In fact, oil prices determine what we invest in and when we invest in specific energy sources. They are our guide to understanding the energy world.

1. Oil prices are a good guide to understand the energy world

The price of oil is the most important variable to identify trends in the energy industry. One can even go so far as to say that oil prices (alone) have determined the course of energy investments over the last 100 years. As the share of renewable energies in the economy has grown, we have seen a gradual decline in the close relationship between oil prices and the economy in general. In general, an increase in oil prices has also meant a decrease in GDP. A larger part of the economy must be spent on energy costs, which does not necessarily contribute to productivity growth, but must be considered an expense.

What we have seen in recent months is the dramatic fall in the price of oil on the energy markets. Oil prices were steadily approaching a rate of $30 per barrel of oil. Now there are estimates on how far the oil price can go down. Although many analysts estimate that the oil price dynamics in the first quarter of next year will lead to a turnaround, there are a number of factors that for various reasons actually point in the opposite direction.

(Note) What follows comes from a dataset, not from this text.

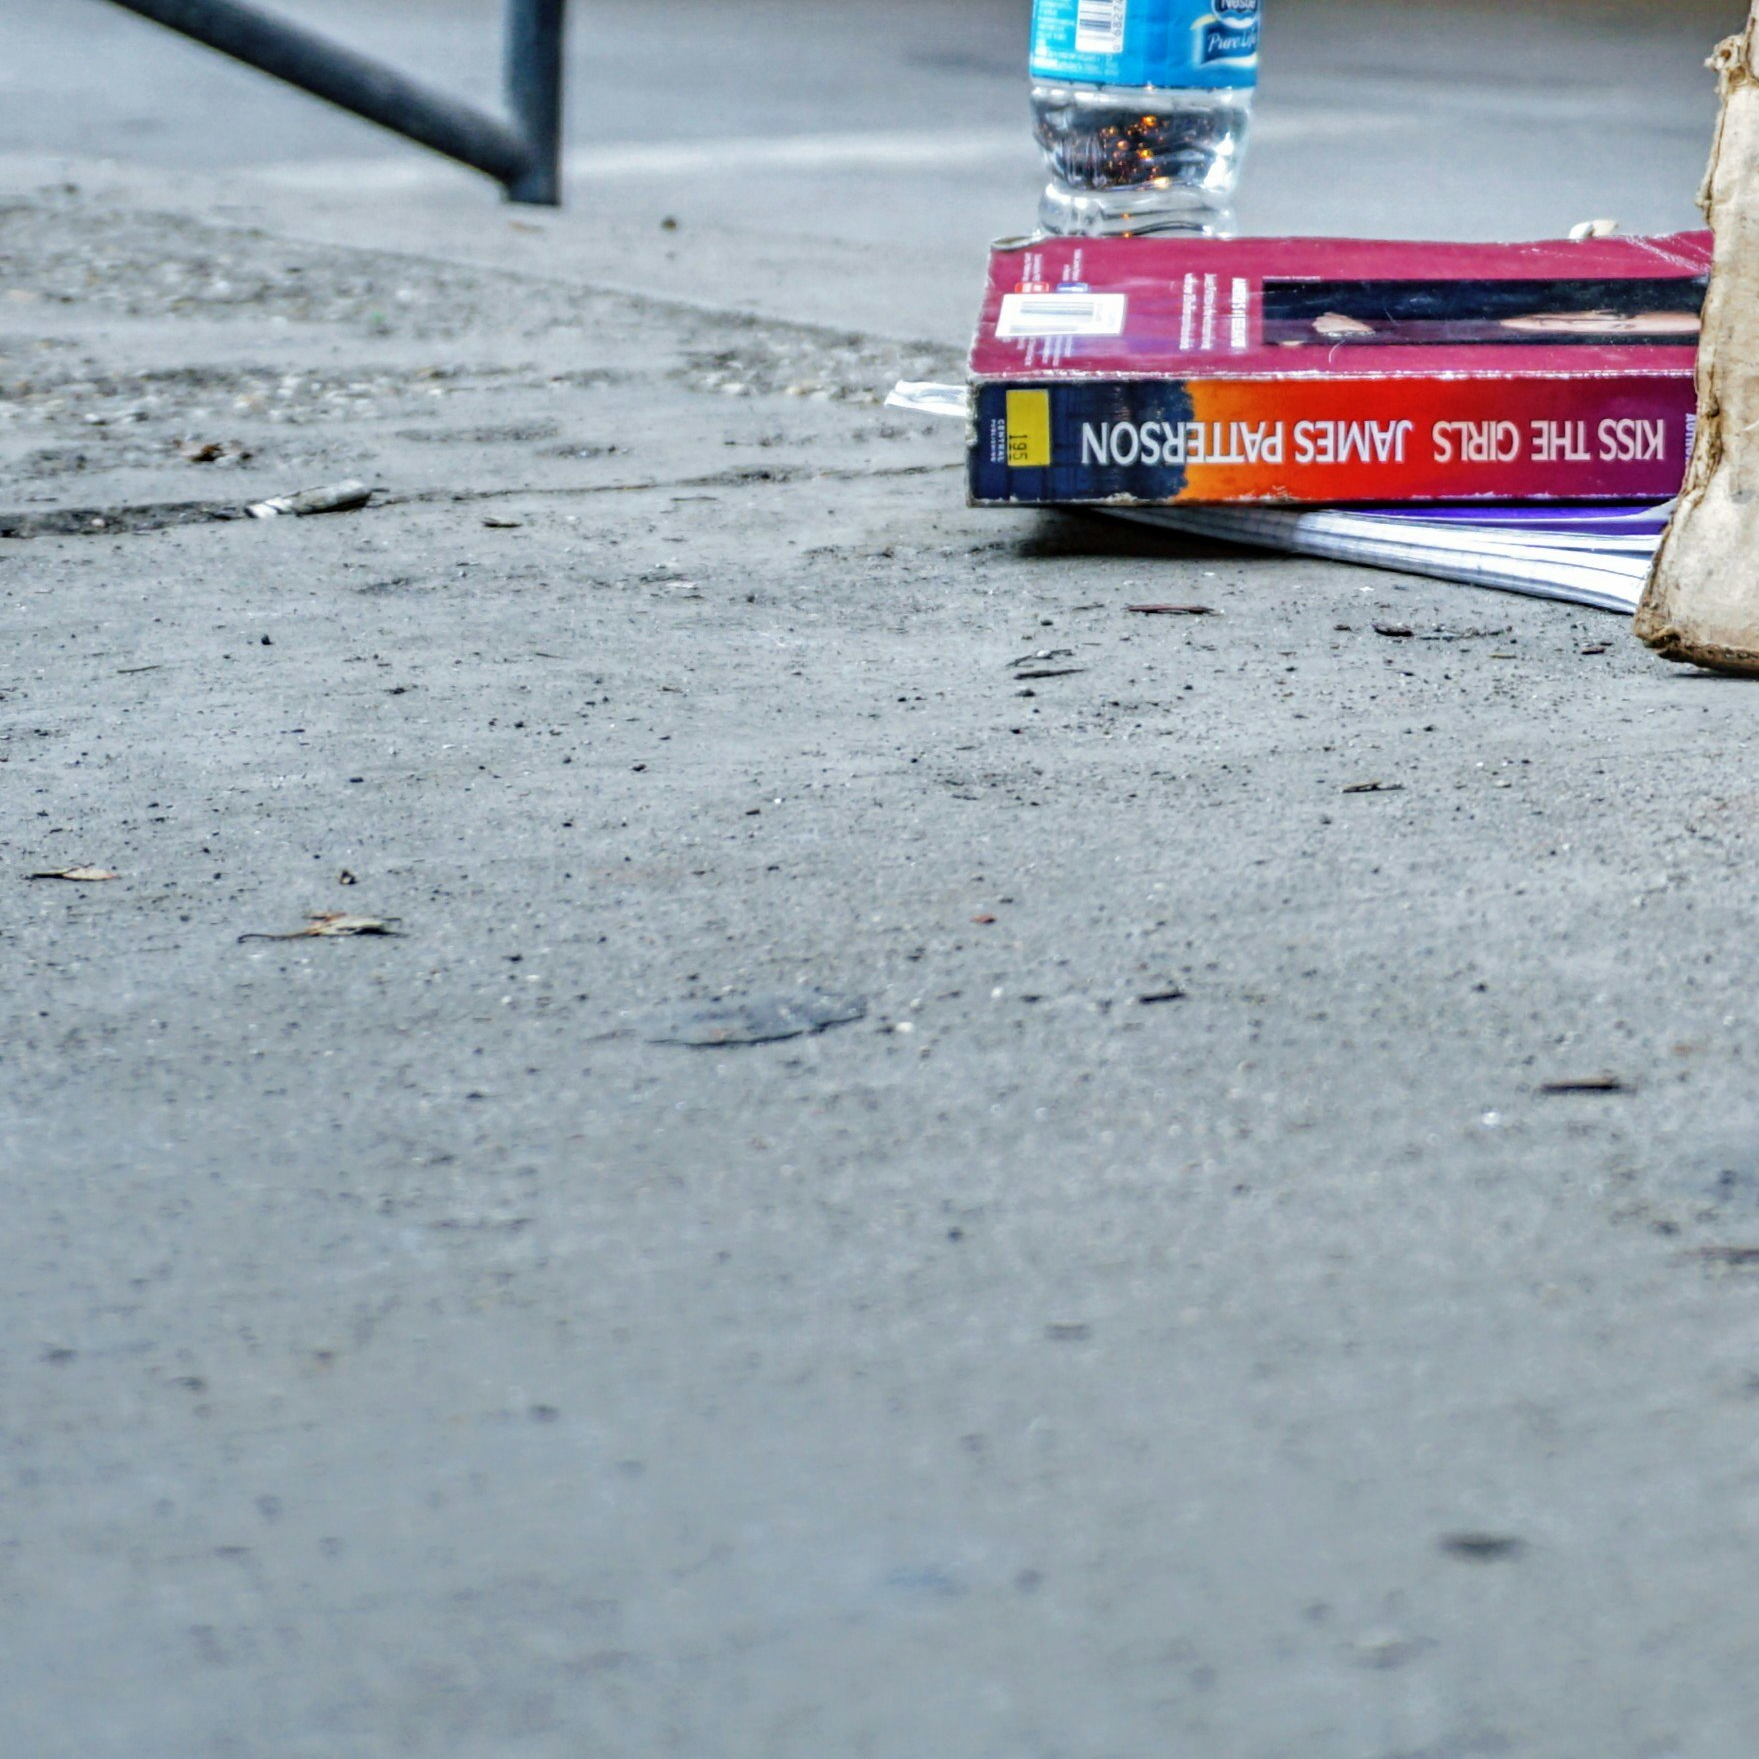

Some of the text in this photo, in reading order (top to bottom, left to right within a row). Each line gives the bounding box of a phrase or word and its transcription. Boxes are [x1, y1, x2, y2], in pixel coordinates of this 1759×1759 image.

[1208, 29, 1240, 53] Pure
[1081, 419, 1414, 466] JAMES PATTERSON
[1431, 418, 1666, 463] KISS THE GIRLS

2. Historical trends in oil markets

The first argument that could be an indication that oil prices will skyrocket is that they have fallen sharply since April 2020 and do not necessarily reflect their long-term value. Even if it is true that we are in a recession, this does not mean that current market prices reflect the long-term trends in oil prices. Long-term trends in the oil markets are difficult to predict. But by historical standards, it is very likely that oil prices in the near future will be in line with the prices we saw after the 2009 financial crisis. 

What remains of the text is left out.